Darcie quickly adjusted to our household pack and our liberal pets-on-furniture policy. When she wasn’t keeping me company in my home office or lollygagging in the sunny courtyard, she was inspecting the house and assessing the best spaces to deliver her puppies. I hadn’t thought about HER selecting a space. The youngest puppies we’d ever fostered were week-old Corgi mixes. They came complete with a mama dog who was happy to nurse her 11-pack in the guest bathtub I lined with blankets. But Darcie, a Labrador mix, rejected the tub as too small, and by mid-September she nominated my husband’s closet for her nursery.
Welcome puppies
As a first-time newborn puppy fosterer, I Googled the signs of impending puppy delivery. The pacing and lack of appetite suggested puppy delivery in 24 hours. To me, that was “tomorrow.” But I was off by a day: within 45 minutes of my “I’ll be right back to check on you, Mama Dog,” three puppies had arrived. I had the honor of watching a mama dog work tirelessly to welcome, clean and nurse her babies.

By the second day, we knew that two of the six puppies were struggling. One was failing to thrive and the other had severe developmental abnormalities and would have to be humanely euthanized the next morning. Darcie and I sat through the night, trying to keep the failing puppies warm. We had several long looks together, me placing the pups in a warm basket, her taking the puppies off the warming blanket, back and forth.

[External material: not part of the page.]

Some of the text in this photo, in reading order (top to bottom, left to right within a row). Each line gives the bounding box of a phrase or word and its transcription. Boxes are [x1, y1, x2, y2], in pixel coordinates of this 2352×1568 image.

The sweet things, with their beautiful coats and perfect faces, passed before sunrise. I honored their 36 hours with a quiet flower ceremony on our prairie, surrounding them with stems of goldenrod, boneset, bluestem.
The next challenge
Then came Darcie’s battle with mange and its relentless itchiness. It’s funny to tease your dog, calling her “You mangy mutt,” unless she actually turns out to be a mangy mutt. Darcie had started to scratch and itch, strip mining her body into a patchy terrain of bald spots. As a nursing mama dog, we could only bathe her in the gentlest of soaps, and gentle soaps are powerless against sarcoptic mange mites. This army of microscopic arachnids are only defeated through a war of attrition: Simparica to break the mite life cycle, laundry (so much laundry — every blanket, towel, sheet and pet bed in the house, again and again, on the highest heat) and dog baths. Ten minutes at a time, three times a week, Darcie sulked in a lather of chlorhexiderm shampoo. Four weeks later, her fur started to grow back. I celebrated as I found fewer clumps of black fur in the dryer’s lint trap and more strands on her body.

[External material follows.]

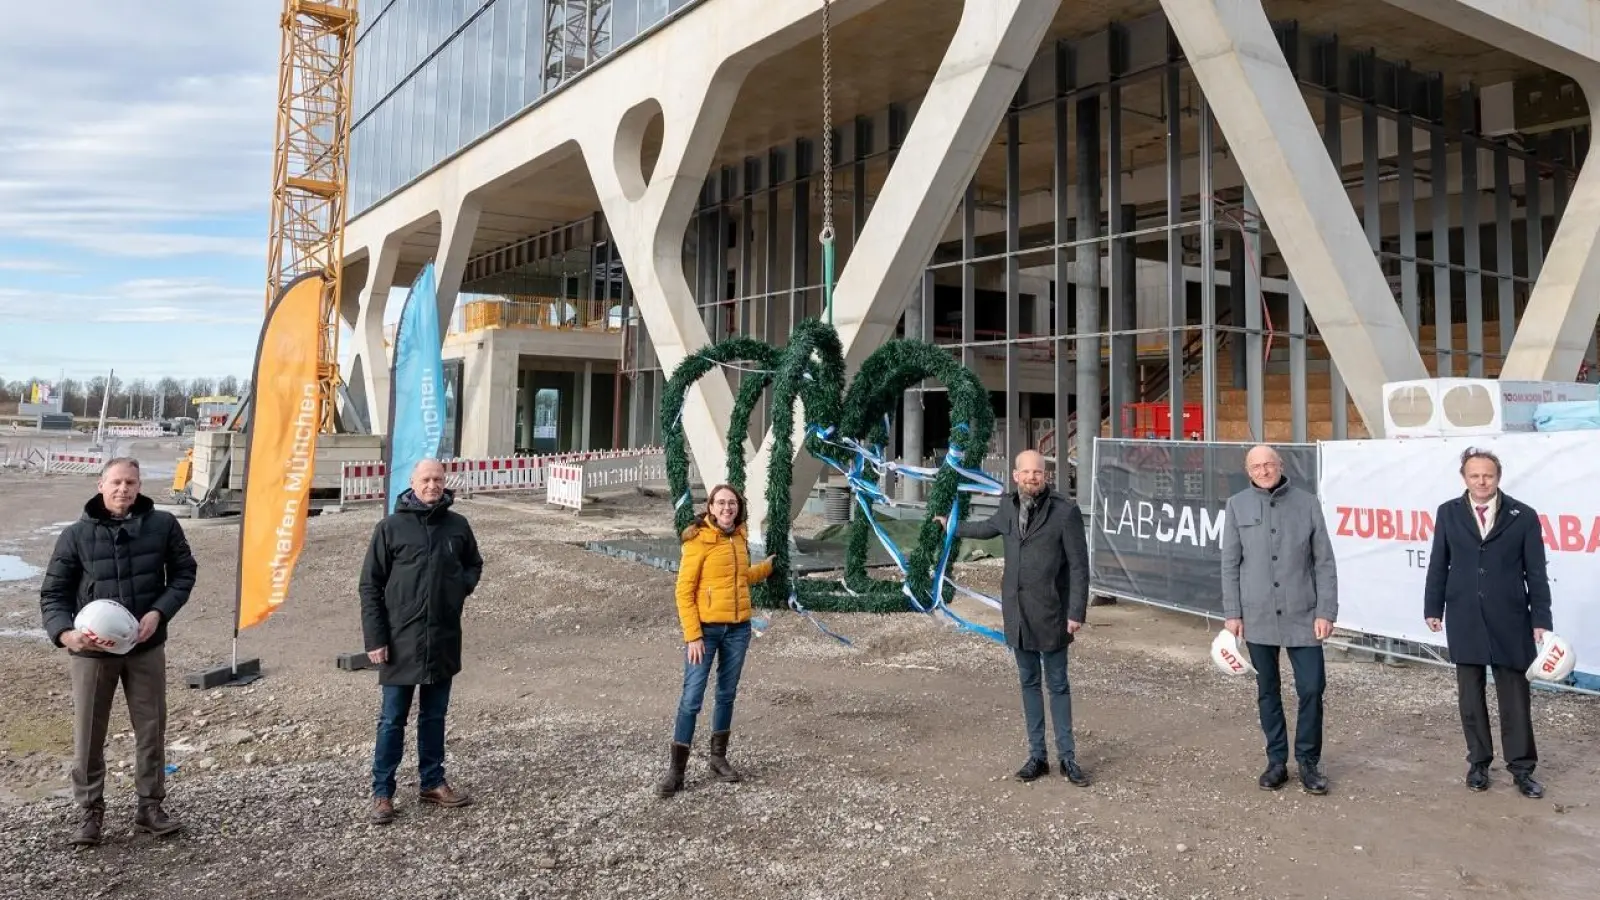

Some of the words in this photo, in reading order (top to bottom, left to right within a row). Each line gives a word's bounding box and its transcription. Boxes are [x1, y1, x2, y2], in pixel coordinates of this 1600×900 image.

Our black Lab foster dog finally had a full coat, but there was that worsening limp. “Are you available for a call?” asked the text message. The networking meeting had wrapped up, and I called my contact at the dog rescue.
Darcie was limping not from a torn ligament or an infected paw, but from bone cancer high in her shoulder. Since the cancer was located in her shoulder, amputation was not an option. And though her lively eyes, bouncy ears and wagging tail suggested otherwise, Darcie was in a lot of pain. We — my husband and I — would now be fostering in hospice status.
Sitting with the sadness
Still in the parking lot at the networking event, I sat with that sadness. Darcie’s story was supposed to get better. We were supposed to be interviewing her next people, some nice couple ready for a young, clingy Labrador mix with bouncy ears and a perpetual tail wag. Or maybe we’d simply “foster fail” and keep her.

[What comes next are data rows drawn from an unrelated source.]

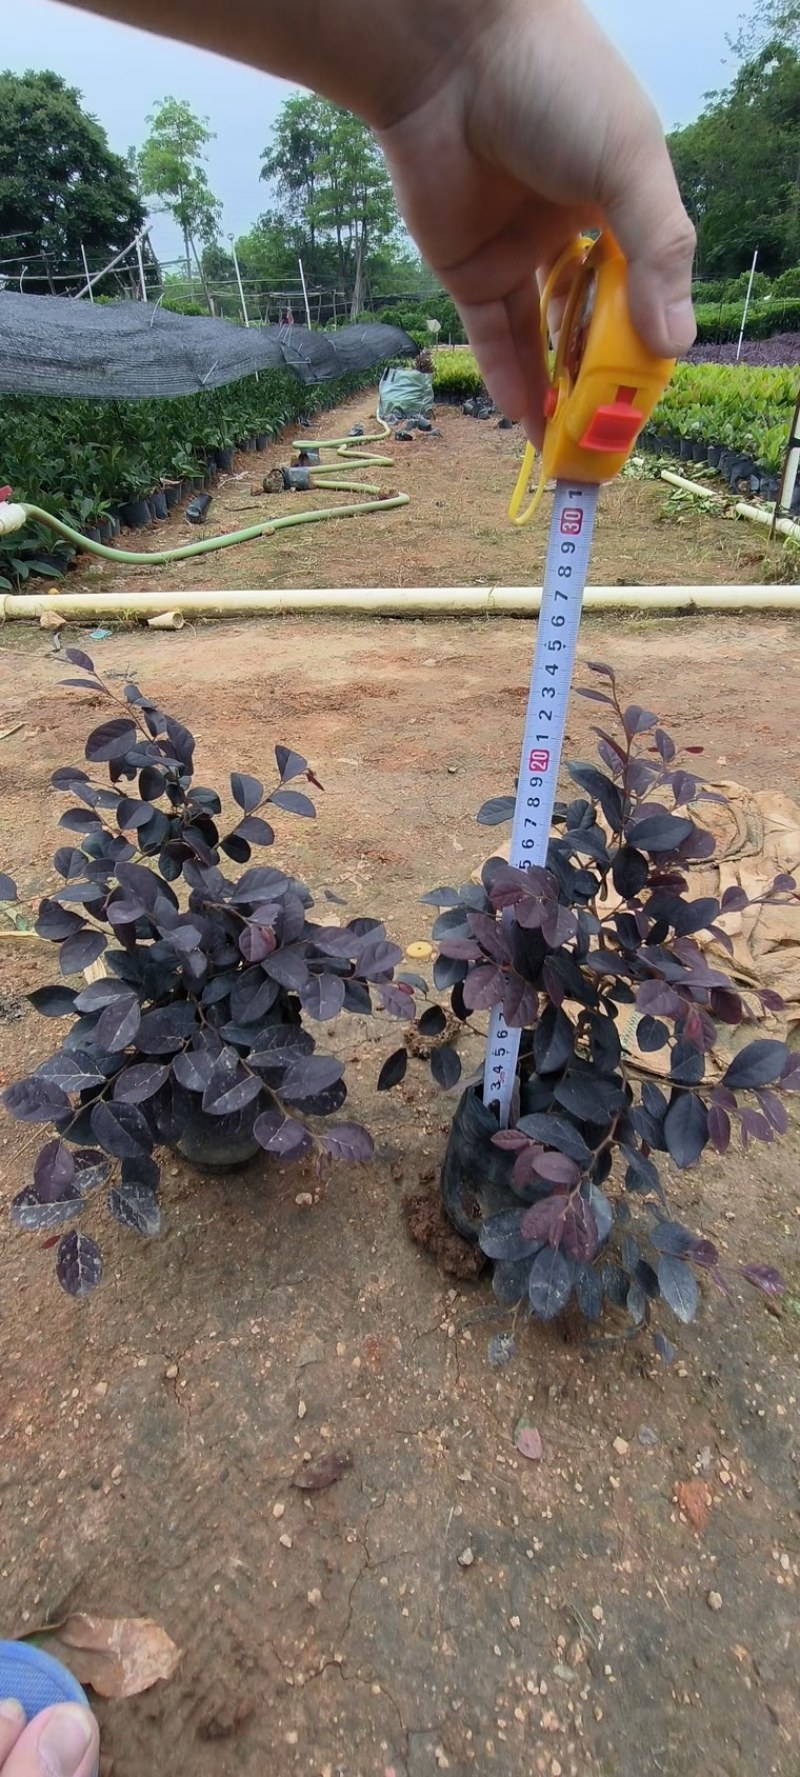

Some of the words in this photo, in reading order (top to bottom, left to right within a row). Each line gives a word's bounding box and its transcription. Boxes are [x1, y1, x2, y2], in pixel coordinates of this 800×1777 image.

[568, 491, 582, 499] 1
[562, 511, 581, 532] 30
[561, 542, 575, 554] 9
[558, 566, 572, 578] 8
[555, 590, 568, 601] 7
[551, 615, 565, 627] 6
[548, 640, 562, 651] 5
[545, 664, 558, 676] 4
[542, 687, 555, 698] 3
[539, 710, 552, 721] 2
[536, 734, 549, 742] 1
[530, 751, 548, 770] 20
[530, 777, 543, 787] 9
[527, 797, 540, 808] 8
[524, 818, 537, 828] 7
[522, 839, 534, 849] 6
[519, 860, 531, 869] 5
[497, 1030, 509, 1039] 6
[494, 1047, 506, 1057] 5
[492, 1065, 503, 1074] 4
[491, 1080, 501, 1091] 3

“Foster fail” is pet parlance for officially adopting your foster animal. Actually, we probably would not have adopted Darcie ourselves; not because she wasn’t adorable and keepable, but specifically because she was very adorable and keepable and therefore adoptable by someone else. Our foster fails are strategic decisions to keep the dogs that get overlooked and ignored. Darcie’s pretty personality would shine through on the social media videos, and she’d receive several applications that I’d review and then she’d go live happily ever after and I’d receive happy text messages, with emojis, of Darcie and her happily-ever-after family.
But suddenly the happily-ever-after timeline was very short. A week? Weeks? We’d said goodbye to three senior dogs earlier this year: Hank, Audrey and Greta. Sitting in my car in the parking lot, not quite sure where to drive next, I thought about the rich happily-ever-afters my husband and I had shared with those splendid dogs.
Why is ever-after so finite?
Beauty in the darkness
The finiteness of time, and life, is a topic I visited in October when I featured Texoma artist Taylor Brooke in a blog post for the Creative Arts Center of Bonham. Her memento mori paintings work in the centuries-old tradition of incorporating reminders of mortality into visual culture. Even though I was writing a series of blogs to feature fall and Halloween art, I felt her message was so much more important than our American dismissal of death as a thing to mock the last two weeks of October and then repress the other 50 weeks of the year. Taylor paints to sharpen appreciation for life by acknowledging its limits.
In her piece “Even in Arcadia,” two complete skeletons tenderly embrace among delicate pink cherry blossoms. The bones are rendered in warm golden beige against deep charcoal backgrounds. Taylor paired this with the classical Latin phrase “Et in Arcadia ego” — “even in Arcadia, I exist” — with “I” being death itself.
“I wanted to show how love and beauty can exist even in decay,” Taylor told me. The blossoms symbolize “the fleeting fragile beauty that mirrors life. It is the contrast between life and death, beauty and impermanence that I wanted to capture.”
Stewing in my car, trying to recalibrate my day around this crappy news, I reflected on a bittersweet line from the October blog post. “I want people to feel both the beauty and ache,” said Taylor. “How fleeting life is and [how] meaningful that makes it.”
“I want people to feel both the beauty and ache. How fleeting life is and [how] meaningful that makes it.”
Taylor Brooke
The cultural gap
As if this day wasn’t weird enough, it was curious and ironic that at this same Tuesday networking event, an end-of-life doula introduced herself to the networking group. She actually introduced herself as a “death doula.” That quieted the room. Which was her whole point: Death isn’t something that we should be hush-hush about.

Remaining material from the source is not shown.